Take a look at the marketing department’s budget. How much is spent on the different activities of research, advertising, direct mail, sponsorship, PR and events? If yours is like most companies I have met, the marketing function and the associated spend is dominated by marketing communication: getting the message out to the prospective customers.

Communicating your message is, of course, a vital activity: Even the best product/service in the world is of little value if people don’t know about it. It is also true that reaching that elusive audience is increasingly difficult and expensive. It is estimated that people are exposed to 4,000 marketing messages each day of their lives from companies trying to influence their buying intentions. And this is just a small part of the 50,000 thoughts we each have every day.

To stand out from the crowd in this deluge of marketing and mind games, companies resort to ever more sophisticated and expensive campaigns. These are less and less effective. Research by BT and the Future Foundation (see the chart below) shows that family and friends are much more influential than advertising in shaping consumer’s buying activities. Their recommendation (good or bad) is much more likely to be based on first hand experience than on the adverts they have seen.


Who influences consumers?


Source: BT/Future Foundation (2002)

This is not to say that advertising does not work; it does. Lord Leverhulme (the Victorian businessman who founded Lever Brothers) knew that half of his advertising spend was effective; he just didn’t know which half. But just how effective is advertising, compared with other approaches? What would be the effect on sales revenue of reducing advertising by 20 percent and investing that savings into improving the customer experience? What if, instead of bombarding customers with more advertising, we listened more to them and used their feedback to improve the service provided? Are companies listening enough, or is marketing too much of a monologue?

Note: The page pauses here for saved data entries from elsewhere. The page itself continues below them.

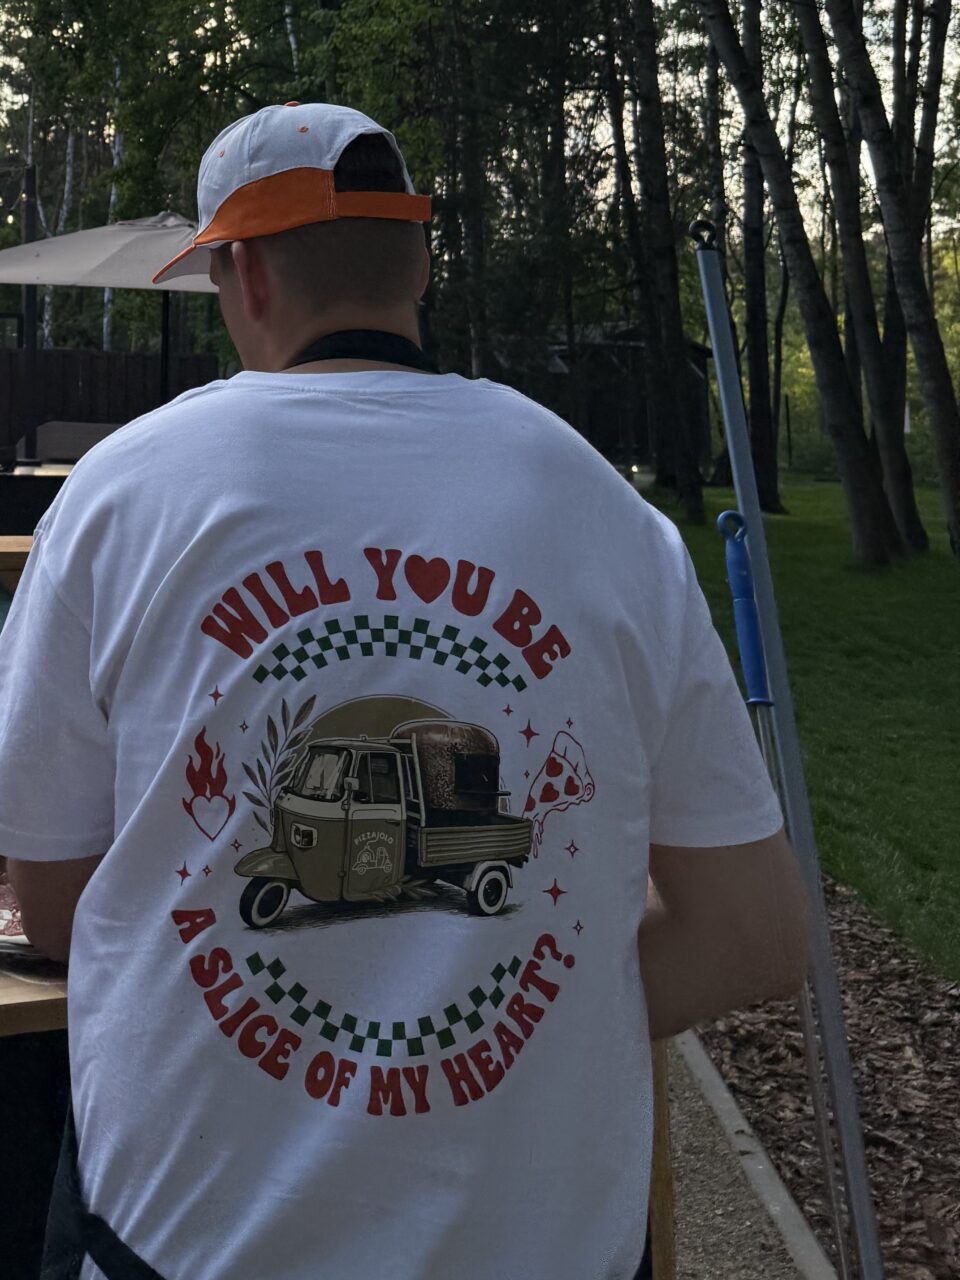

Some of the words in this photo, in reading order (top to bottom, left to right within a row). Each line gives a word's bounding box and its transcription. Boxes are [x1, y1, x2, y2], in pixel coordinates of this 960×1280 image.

[200, 549, 351, 660] WILL
[491, 589, 571, 680] BE
[354, 831, 394, 846] PIZZAJOLO
[171, 907, 216, 944] A
[189, 947, 302, 1081] SLICE
[441, 933, 575, 1106] HEART?
[304, 1050, 358, 1108] OF
[367, 1065, 430, 1116] MY
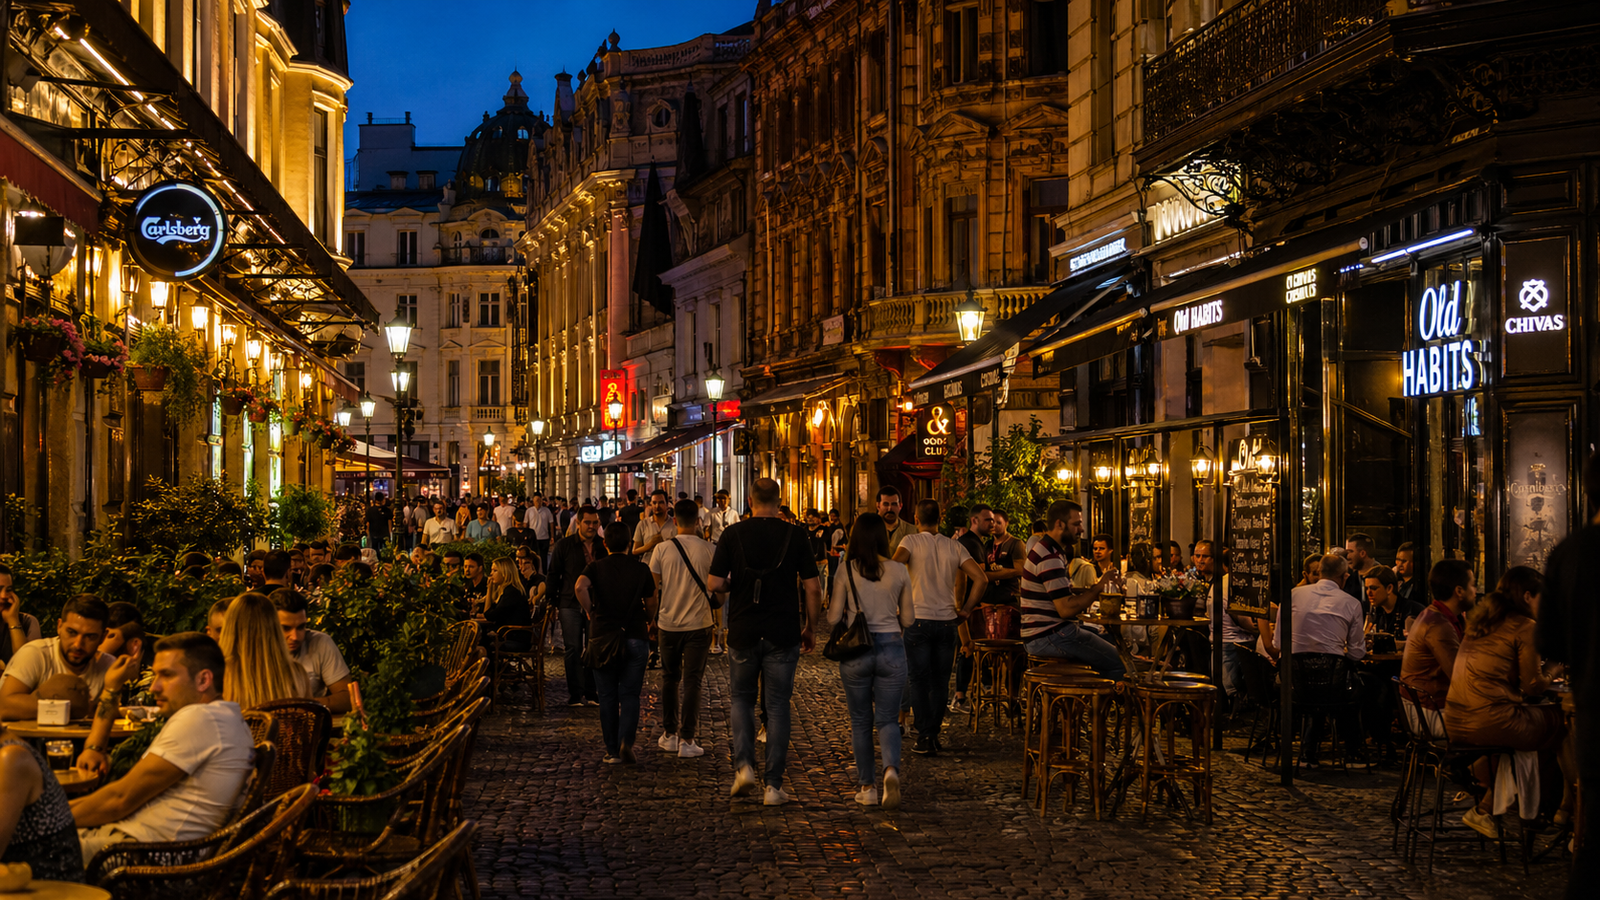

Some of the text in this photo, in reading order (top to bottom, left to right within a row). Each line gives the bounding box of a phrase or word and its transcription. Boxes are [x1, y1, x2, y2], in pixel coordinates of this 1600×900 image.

[141, 216, 211, 245] Carlsberg
[1190, 299, 1223, 329] HABITS
[1419, 280, 1461, 341] Old
[1505, 314, 1565, 334] CHIVAS
[1402, 339, 1474, 397] HABITS
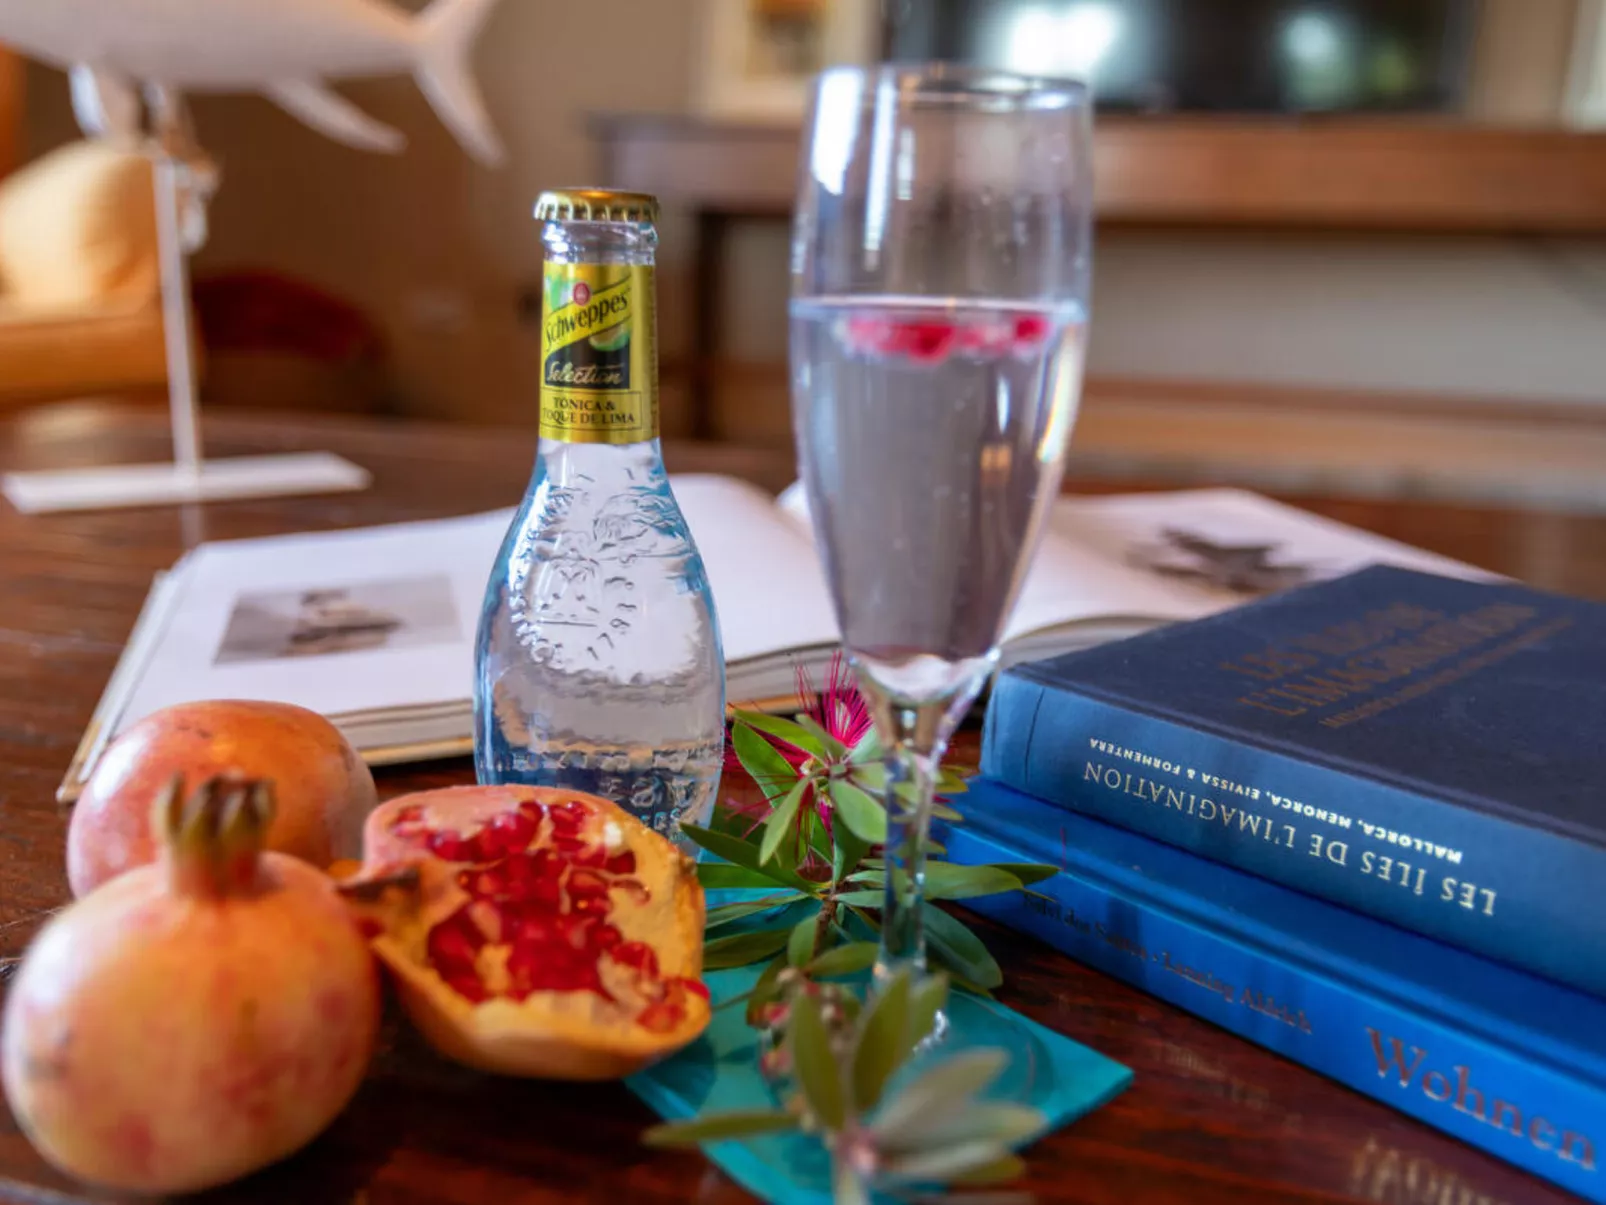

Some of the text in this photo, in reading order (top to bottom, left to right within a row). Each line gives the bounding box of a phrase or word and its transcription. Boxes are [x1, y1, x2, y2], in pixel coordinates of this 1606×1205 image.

Recognize also that, while customer needs have always changed, they are now changing more rapidly, fueled by significant changes in social and working patterns and shorter product life cycles. Globalization provides customers with greater choice, and the growth of the Internet has made it much easier for customers to access that choice. The global reach of the Internet means that customers shop outside their locale more often and more easily. In the run up to Christmas 2004, Britons spent £3.5 billion shopping online (not all with U.K. companies), and 10 percent of all credit card transactions now involve online shopping. In some industries—travel and books, for example—the Internet is the preferred shopping venue. This choice and access shifts the power from suppliers to customers.

People—our consumers and employees—are also changing. Consider the change across just three generations.


Need for trust


My father worked for the same company, doing basically the same job throughout most of his life, using skills that changed relatively little over his 50-year working life. For most people, a job involved hard, physical work. He knew exactly when he would retire and he did not worry about his pension because politicians and financial institutions could be trusted. For Dad, technology was a telephone that was plugged into the wall and a TV with four channels.

My children, on the other hand, may well live to be over 100 and move in and out of work for 70 years. They will choose jobs that suit the type of lifestyle they want, which will change according to their situation. Retirement will be when they want it to be, and probably might not be permanent. They might retire more than once, flitting in and out of retirement and work as money and their whim dictates. They know that they will have to look after their own future and will trust people and institutions based on their performance, not their words. They will exploit the massive choice they have to their advantage, remaining loyal only to those who demonstrate that they value their relationship.

In this chaotic and complex life, trust will become more critical, and companies that can earn and retain a customer’s trust will be in a privileged position. They will have the edge in selling to that customer.

Trust spans the rational and emotional element of a relationship with a customer. At its most basic, trust is about having confidence in the quality, availability and reliability of the product or service. But it goes beyond that. It embraces mutual respect, openness, honesty and similar shared values. We prefer to do business with companies we have an affinity with, companies we like.

In an uncertain world, those companies that gain and retain our trust will have an edge, as results from the Global Future Forum’s Pulse Survey (March 2005) illustrates:


As consumers select one supplier to be their trusted advisor, and invest time in communicating their personal data and needs with that supplier, the barriers of entry to competitors significantly increases.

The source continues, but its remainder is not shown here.